Selecção e tradução por Júlio Marques Mota
A Europa deve ser o continente da qualidade de vida e não o continente do fundamentalismo comercial
LE MONDE | 08.05.2014 |P0r Patrick Viveret (Ensaísta ) e Laurence Baranski (Consultora)
Hoje, a democracia europeia está gravemente ameaçada: do interior pela subida das correntes de forte conotação autoritária e defendendo retrocessos identitários, mas também pela corrupção e pela desconfiança que provoca; do exterior pela pressão do regime de Vladimir Putin sobre a Ucrânia mas também por aquilo a que Joseph Stiglitz chama “o fundamentalismo comercial”, visível através do peso dos lobbys financeiros ou pela ameaça que faz pesar sobre o direito dos povos europeus o projecto de um tratado transatlântico negociado na mais total opacidade. Estas duas pressões revelam o enfraquecimento de uma Europa que parece ter perdido os seus valores fundadores na sua essência pois que os cidadãos têm cada vez mais dificuldade em ter uma visibilidade sobre os desafios da União e em compreender o seu funcionamento.

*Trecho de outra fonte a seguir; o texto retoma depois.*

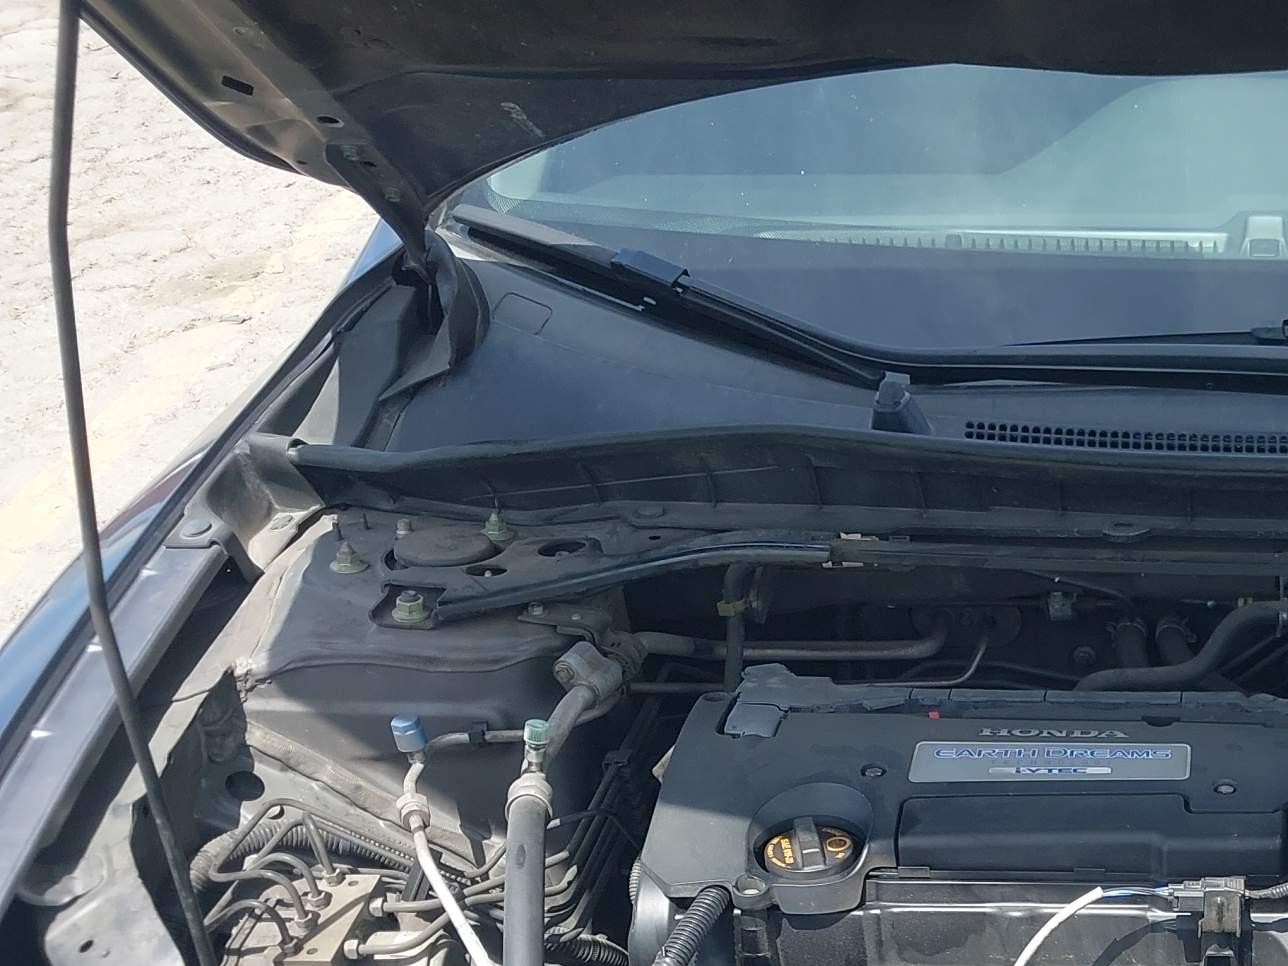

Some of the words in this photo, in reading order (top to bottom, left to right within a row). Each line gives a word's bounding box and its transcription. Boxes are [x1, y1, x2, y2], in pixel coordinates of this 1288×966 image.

[979, 727, 1129, 738] HONDA
[934, 748, 1039, 759] EARTH
[1045, 748, 1172, 759] DREAMS

Neste contexto, as eleições para o Parlamento europeu deveriam ser uma ocasião de um sobressalto a fim de parar esta degradação e de se refazer uma Europa centrada nos valores que lhe permitiram superar o desastre de duas guerras mundiais e de três factos totalitários (nazismo, fascismo e estalinismo). Ora é infelizmente o inverso que se está em vias de se concretizar em numerosos países europeus, devido à subida, para lá mesmo do euro- cepticismo, de uma verdadeira eurofobia
Certamente, cada um concorda em esperar que este risco ao concretizar-se produzirá um electrochoque abrindo a via a um renascimento democrático. Mas uma boa parte do mal estará feito. E seria pior no caso a partir das eleições europeias, porque a única instituição que apresenta um carácter democrático do dispositivo europeu, o Parlamento, tornar-se-á um fórum para as forças de decomposição da União. Além disso, o fatalismo que atinge um grande número de cidadãos e de actores, enquanto que vêem surgir uma catástrofe democrática anunciada, pode também perfeitamente prolongar-se depois, preparando, como nos anos 1930, regressões cada vez mais graves que são o suporte para as forças despóticas.
MOVIMENTO “CONVIVIAL”
Para voltar a dar sentido a este voto, é necessário primeiramente ganhar alguma embalagem, ter uma visão do projecto europeu. Esta visão, é a de uma transição para que o movimento de cidadania mundial considere a perspectiva de sociedades com qualidade de vida. É, de resto, por esta razão que este movimento se caracteriza cada vez mais frequentemente como “movimento convivial”, porque este coloca a qualidade das nossas relações para com os outros humanos e para com a natureza no centro do seu projecto político. Porquê esta perspectiva de uma sociedade mais convivial, de uma economia mais solidária, enquanto que o sistema dominante se revela cada vez mais brutal para os humanos e destruidor para os ecossistemas? Porquê, questionarão os cépticos, propor um mundo de ursinhos afáveis, tipo Bisounours, quando a rivalidade, ou mesmo a lógica de guerra e de conquista, parece o único mundo possível?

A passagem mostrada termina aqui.